Relativamente agli allenamenti, l’emergena covid ha limitato le possibilità con palestre chiuse. Un problema non di poco conto. Su questo Antonio è stato geniale, in quanto si è costruito una piccola palestra a casa, che ha risolto il problema di un potenziamento muscolare soft. In questo programma di tre mesi e mezzo, la regola era di non fermarsi.
L’uovo di Colombo è stato quello di confrontarsi costantemente. Questo feedback costante ci ha permesso di non fermarci mai. In certi momenti è capitato di cambiare i programmi, ma non abbiamo mai stoppato la nostra tabella di marcia. Su questo hanno giocato un ruolo chiave le figure fondamentali di questa avventura: l’osteopata, che ha avuto bisogno di alcune sedute per riequilibrare alcune cose, e le chinesiologa, che ha avuto anche una certa empatia che in queste cose aiuta sempre.
Ed è proprio l’osteopata, Luca Miano, ha commentare l’esperienza vissuta con il presidente della Waterpolo.

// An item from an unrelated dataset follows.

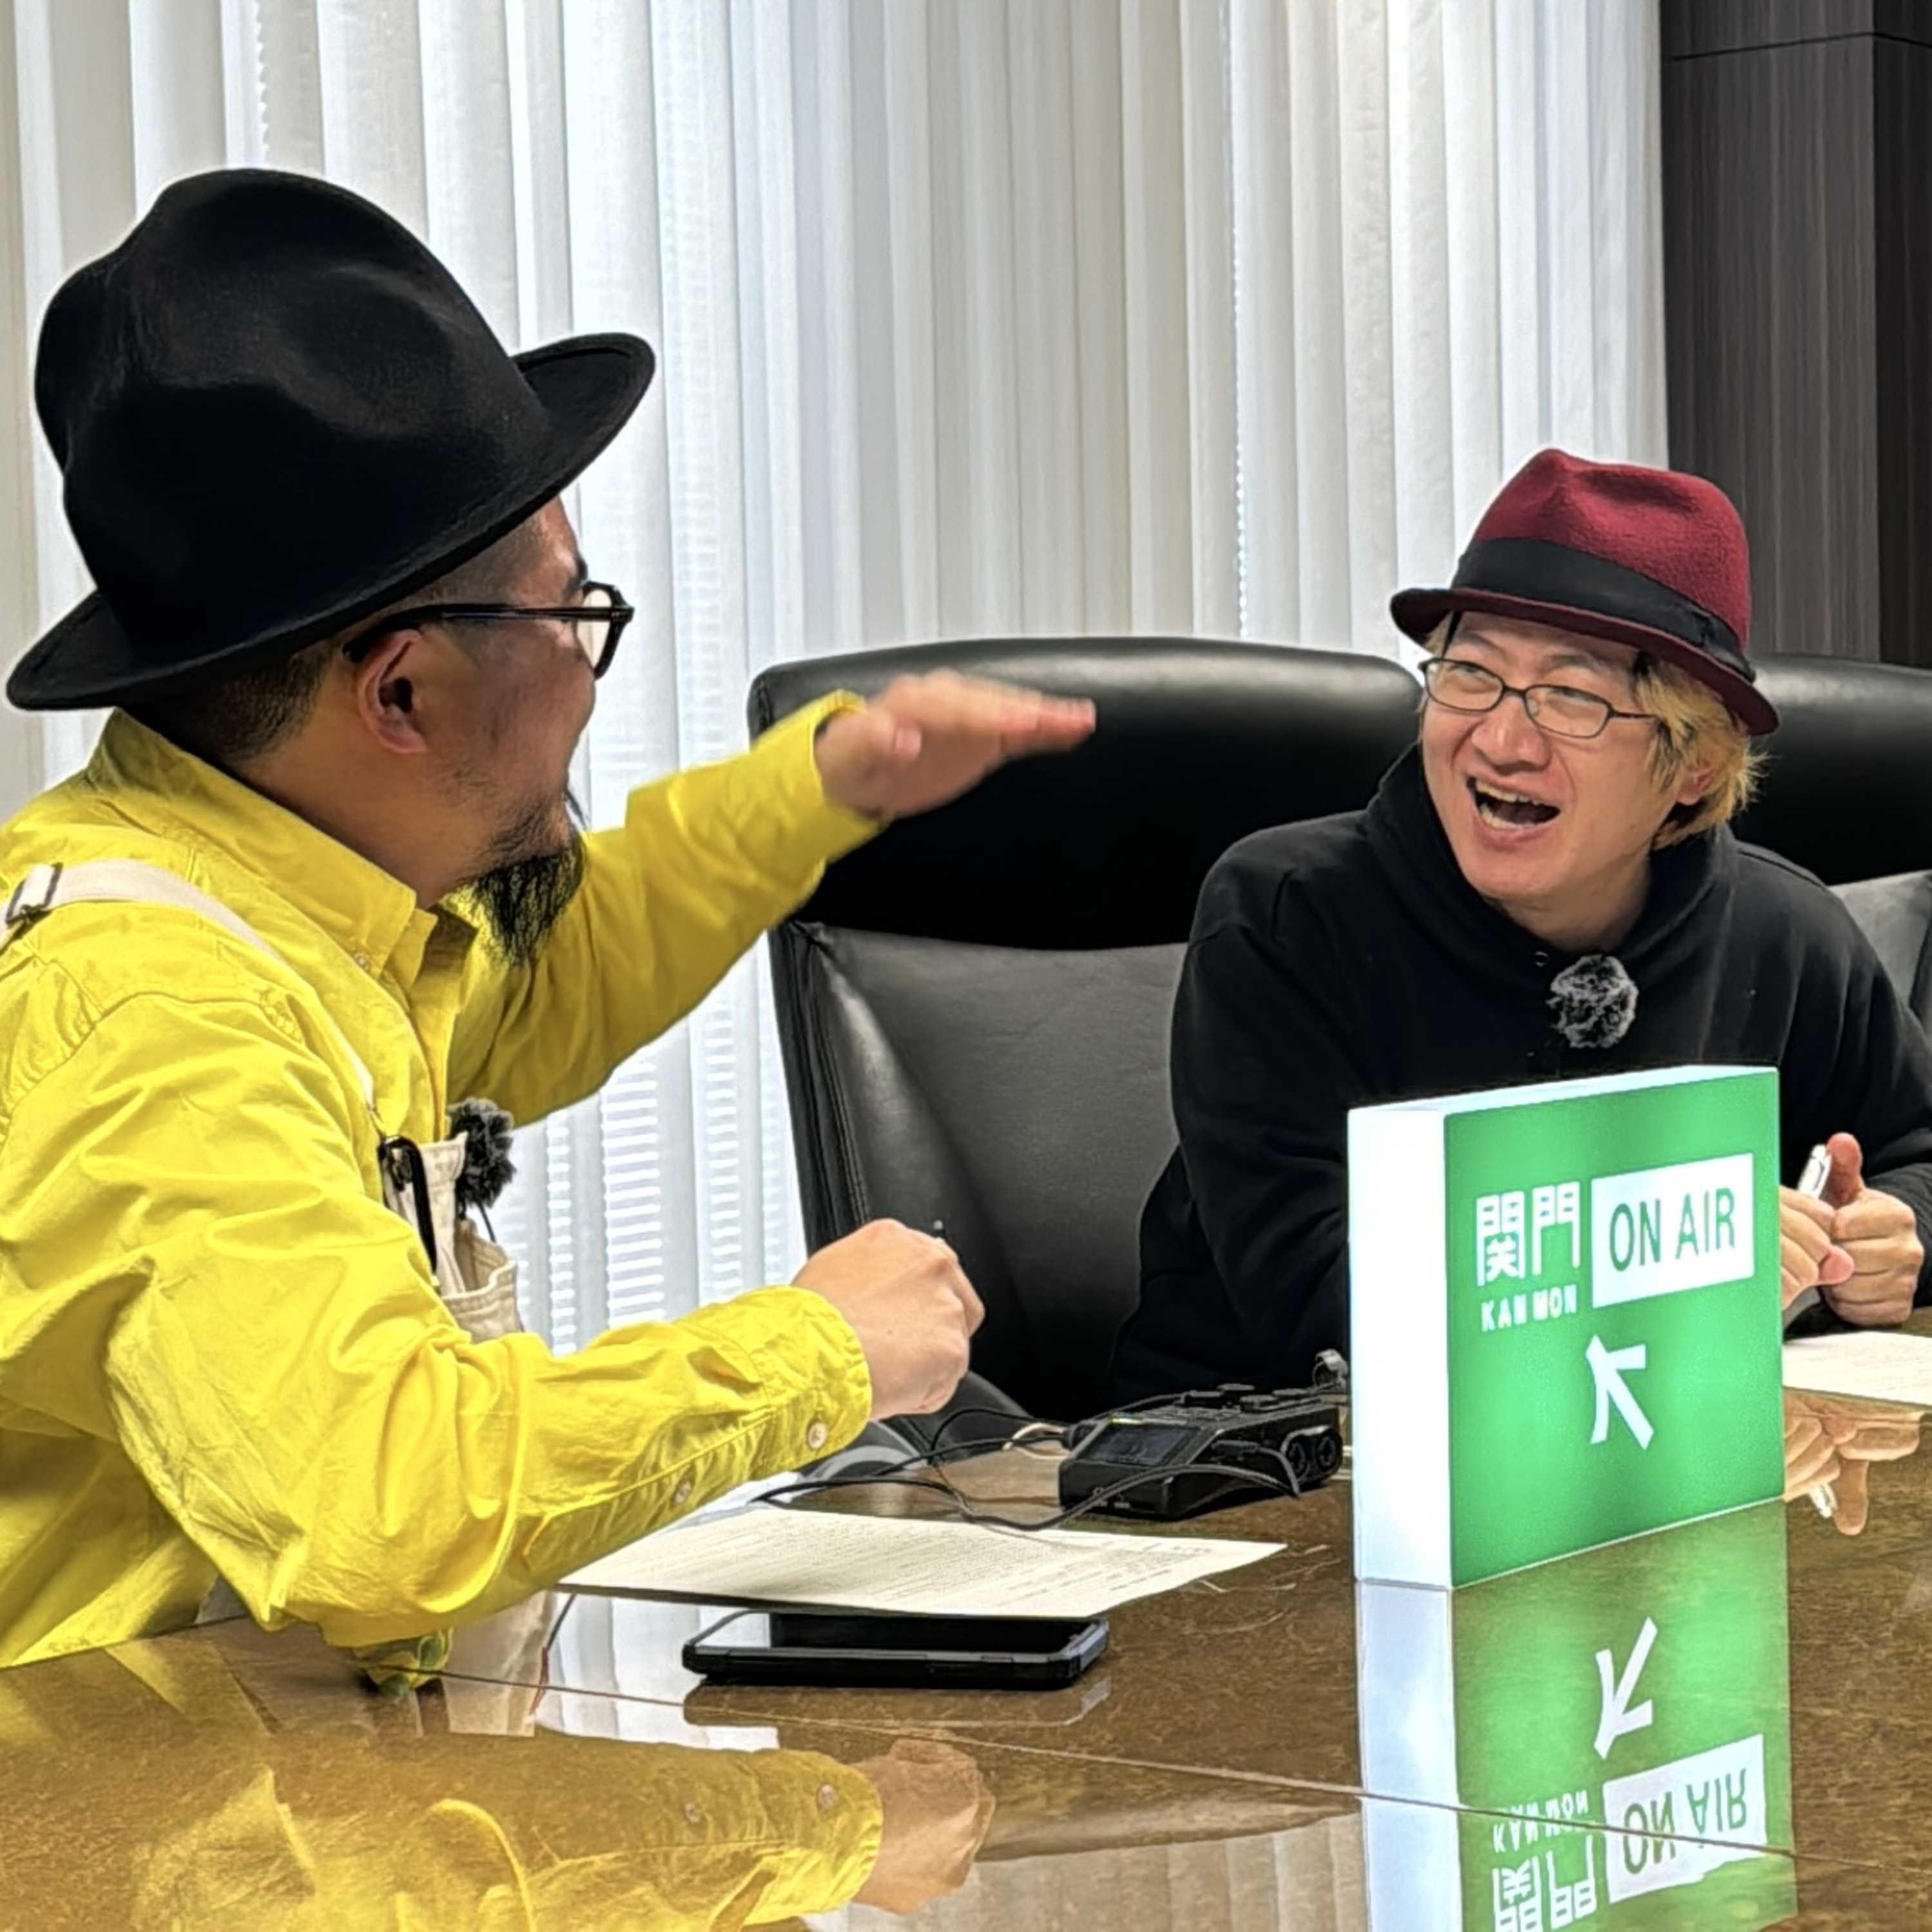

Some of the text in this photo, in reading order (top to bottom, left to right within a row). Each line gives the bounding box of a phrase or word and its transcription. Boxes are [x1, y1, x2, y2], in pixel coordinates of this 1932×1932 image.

“Se devo essere sincero, per l’età e il vissuto che Antonio ha alle spalle, è stata la prima volta. Ho avuto sempre pazienti sportivi, giovani, che portavano avanti la loro attività. La cosa che mi ha aiutato molto è il fatto che le masse muscolari hanno una loro memoria (memoria cinestetica n.d.r.). Questo ha permesso di fare poche sedute e di ottenere ottimi risultati. Questo perchè, nonostante la rigidità che lui avesse, azionando una parte del sistema nervoso centrale che del sistema nervoso, abbiamo potuto recuperare quella funzionalità atrofizzata. Ciò ha permesso di riprende sia l’elasticità lombare che delle vertebre superiori ed inferiori”.
“Nel momento in cui lavoro con un soggetto ex sportivo, devo semplicemente resettare il tutto e riprogrammarlo in base al vissuto del soggetto. Con Antonio ci sono volute tre sedute. Esse non venivano mai programmate, tutto era subordinato alla risposta del suo organismo”.
Sotto l’aspetto posturale invece, a curare il progetto ci ha pensato la kinesiologa Rita Pellerito.
“In un soggetto come Antonio Coglitore, un ex sportivo, a miei occhi si è presentato un soggetto che, stando dieci anni fermo, ha acquisito delle posture scorrette. Il lavoro è stato quindi impostato sulla postura, sulla presa di coscienza del proprio corpo, delle varie posizioni nello spazio. Inizialmente ci siamo concentrati sulla propriocezione. Prima di concentrarsi sul tono, il corpo deve ricordare quali devono essere i muscoli che deve iniziare a riattivare, prima dal punto di vista statico che dinamico”.